Data for review –

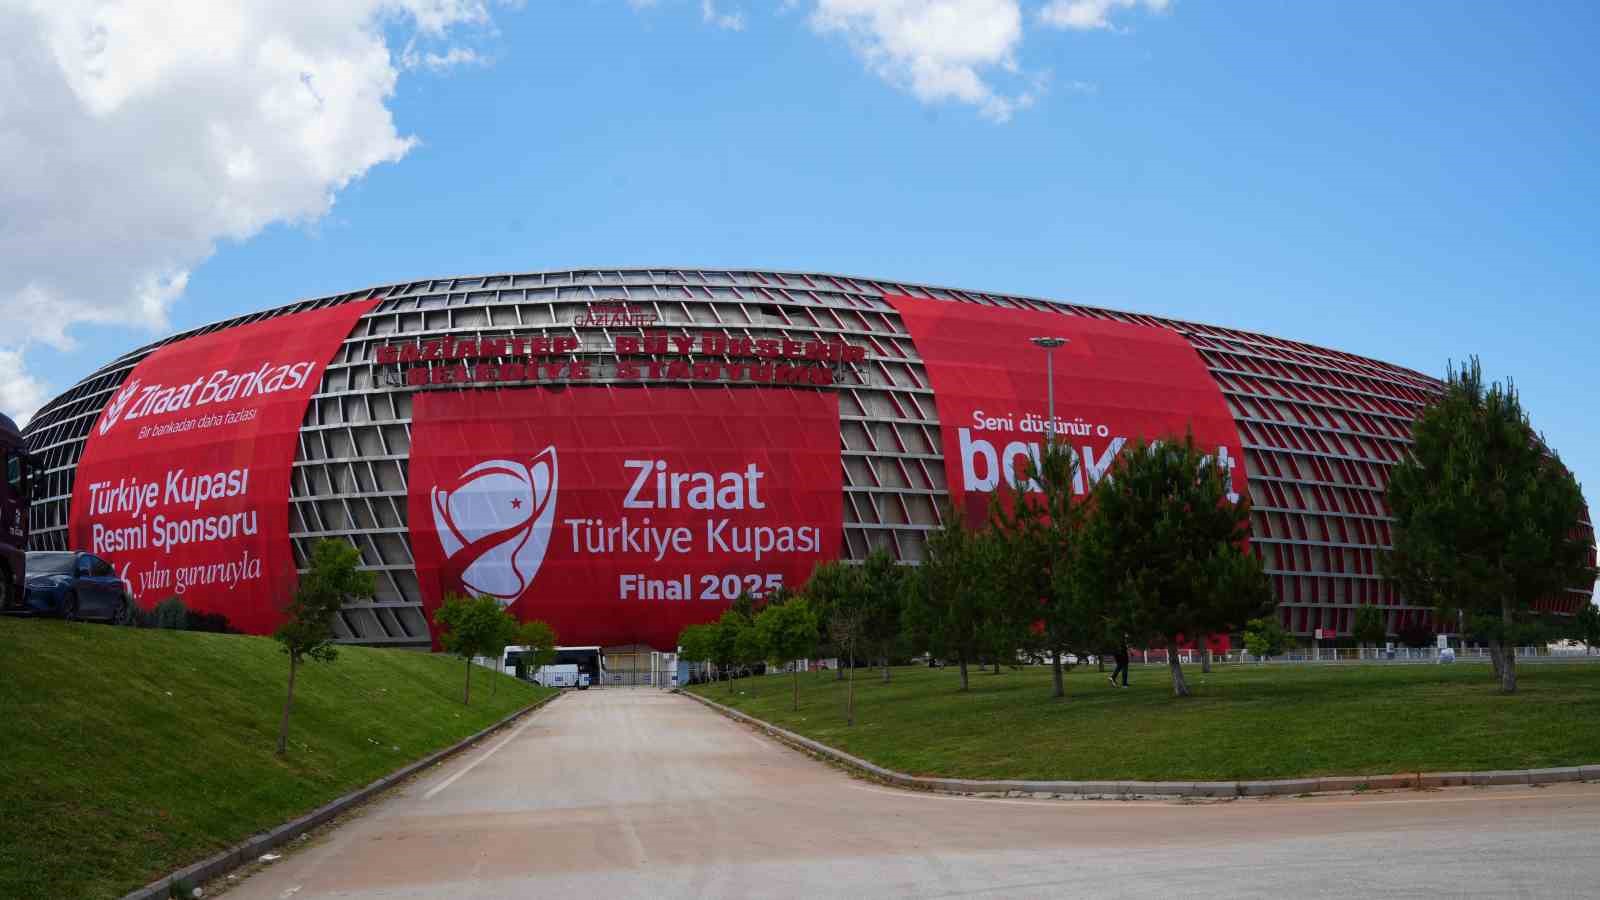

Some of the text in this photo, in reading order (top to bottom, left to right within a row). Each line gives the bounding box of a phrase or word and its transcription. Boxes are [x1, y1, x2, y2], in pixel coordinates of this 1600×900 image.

[124, 361, 316, 420] Ziraat Bankası
[138, 407, 257, 440] Bir bankadan daha fazlası
[972, 409, 1014, 431] Seni
[1096, 423, 1109, 438] o
[88, 469, 249, 519] Türkiye Kupası
[623, 459, 766, 510] Ziraat
[93, 509, 258, 553] Resmi Sponsoru
[564, 517, 821, 561] Türkiye Kupası
[139, 561, 171, 598] yılın
[174, 551, 261, 595] gururuyla
[619, 573, 784, 600] Final 2025

Exercise prompt –
Apart from the pictures, set down all the entries above exactly.

Reply to the exercise –
Some of the text in this photo, in reading order (top to bottom, left to right within a row). Each line gives the bounding box of a phrase or word and its transcription. Boxes are [x1, y1, x2, y2], in pixel coordinates of this 1600×900 image.

[124, 361, 316, 420] Ziraat Bankası
[138, 407, 257, 440] Bir bankadan daha fazlası
[972, 409, 1014, 431] Seni
[1096, 423, 1109, 438] o
[88, 469, 249, 519] Türkiye Kupası
[623, 459, 766, 510] Ziraat
[93, 509, 258, 553] Resmi Sponsoru
[564, 517, 821, 561] Türkiye Kupası
[139, 561, 171, 598] yılın
[174, 551, 261, 595] gururuyla
[619, 573, 784, 600] Final 2025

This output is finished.